Пообещал нарисовать Троцкого и сбежал
За побег в первый раз устанавливалось увеличение срока заключения в десять раз, а за повторный побег Революционный Трибунал имел право применить расстрел. Но из лагеря бежали все равно. Легче всего было организовать побег, когда группа заключенных выводилась на работы в город. Конвоир по возвращении мог уступить просьбам постоянно голодных арестантов и разрешить сходить на базар купить съестного. К вечеру часто возвращались 9 человек из 10-ти.
Любопытную историю содержит рапорт коменданта лагеря от 3 июля 1921 г. Молодой минчанин Самуил Миндлин вызвался нарисовать портреты Ленина и Троцкого для лагерного клуба. По дороге в Культкомиссию за кистями и красками «художник» сбежал. После побега Миндлина в лагере режим ужесточился: ввели проверку переписки, обыски после вывода на работу и возвращения в лагерь. В виду малочисленности охраны, склонных к побегу заключенных перевели в ДОПР. Комендант лагеря обратился в НКВД с просьбой поменять караульную команду концлагеря за исключением командного состава и политрука. Просьбу объяснил тем, что между надзирателями и заключенными возникли «почти родственные отношения», охрана утратила бдительность, поэтому участились побеги.

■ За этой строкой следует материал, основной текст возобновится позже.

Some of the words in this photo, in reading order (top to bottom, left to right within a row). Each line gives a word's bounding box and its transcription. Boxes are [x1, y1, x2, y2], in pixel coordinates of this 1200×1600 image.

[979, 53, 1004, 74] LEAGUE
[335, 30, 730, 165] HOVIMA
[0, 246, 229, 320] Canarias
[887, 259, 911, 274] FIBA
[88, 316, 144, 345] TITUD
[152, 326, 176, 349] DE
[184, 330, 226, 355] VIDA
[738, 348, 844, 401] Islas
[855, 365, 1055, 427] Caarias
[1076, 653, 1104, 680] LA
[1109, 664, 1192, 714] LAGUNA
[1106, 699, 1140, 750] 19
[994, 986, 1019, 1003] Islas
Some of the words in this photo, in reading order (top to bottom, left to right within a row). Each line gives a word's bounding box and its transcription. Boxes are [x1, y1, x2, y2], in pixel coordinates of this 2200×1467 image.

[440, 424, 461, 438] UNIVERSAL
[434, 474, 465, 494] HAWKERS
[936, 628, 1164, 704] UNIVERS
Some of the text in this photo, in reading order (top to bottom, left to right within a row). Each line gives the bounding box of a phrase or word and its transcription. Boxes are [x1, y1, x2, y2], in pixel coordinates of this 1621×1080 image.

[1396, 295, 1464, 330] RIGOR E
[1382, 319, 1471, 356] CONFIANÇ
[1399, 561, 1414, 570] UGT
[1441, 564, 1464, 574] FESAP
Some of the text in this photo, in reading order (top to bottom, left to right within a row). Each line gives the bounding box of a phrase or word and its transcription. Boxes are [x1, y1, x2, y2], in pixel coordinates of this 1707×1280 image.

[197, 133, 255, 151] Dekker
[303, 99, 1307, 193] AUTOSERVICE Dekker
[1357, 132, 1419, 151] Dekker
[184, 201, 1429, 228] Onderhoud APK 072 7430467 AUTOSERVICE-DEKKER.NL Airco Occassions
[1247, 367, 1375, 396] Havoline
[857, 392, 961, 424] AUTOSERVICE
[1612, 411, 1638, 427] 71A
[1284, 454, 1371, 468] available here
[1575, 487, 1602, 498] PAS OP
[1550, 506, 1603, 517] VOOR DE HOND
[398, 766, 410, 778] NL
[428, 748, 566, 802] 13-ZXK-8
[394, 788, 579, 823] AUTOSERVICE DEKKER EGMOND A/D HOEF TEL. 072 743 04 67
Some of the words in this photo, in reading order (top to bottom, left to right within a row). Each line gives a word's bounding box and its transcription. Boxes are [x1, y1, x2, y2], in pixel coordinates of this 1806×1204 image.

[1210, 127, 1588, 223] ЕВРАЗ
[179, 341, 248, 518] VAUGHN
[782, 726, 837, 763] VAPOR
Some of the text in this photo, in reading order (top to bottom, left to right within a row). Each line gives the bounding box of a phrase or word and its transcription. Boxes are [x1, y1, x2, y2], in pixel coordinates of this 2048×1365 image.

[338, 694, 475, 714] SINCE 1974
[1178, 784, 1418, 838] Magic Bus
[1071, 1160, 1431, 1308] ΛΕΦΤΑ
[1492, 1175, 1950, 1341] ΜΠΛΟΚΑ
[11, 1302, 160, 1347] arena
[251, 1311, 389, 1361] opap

Бежали и женщины, особенно те, кто волею судеб из российских губерний оказался в Беларуси. Бежали в состоянии крайнего отчаяния, психического расстройства. Участь женщин в лагере была незавидна. Утешало их только то обстоятельство, что сроки были сравнительно небольшими. Беременных «за отсутствием надлежащих гигиенических условий» отпускали домой. Амнистия к 8-му марта давала надежду многим женщинам досрочно оказаться на воле.
Система принудительного труда в 1918 — 1922 гг. стала по существу одной из основ нового советского общества. Ленинское правительство планомерно насаждало систему принудительного труда. Минский лагерь — лишь один в паутине доГУЛАГовской принудительной системы труда. В трудах Ленина содержится немало высказываний «о пользе» концлагерей. Концлагерь с 1922 г. стал называться лагерем принудительного труда. Он не был так ужасен как ГУЛАГовские лагеря, однако подобные учреждения — родоначальники ГУЛАГа.
Лагерное кладбище
По косвенным данным, у стен нынешней гостиницы «Монастырская» находятся многочисленные захоронения заключенных. В документах упоминается название места последнего их приюта — кладбище «Братское». Многозначительное название.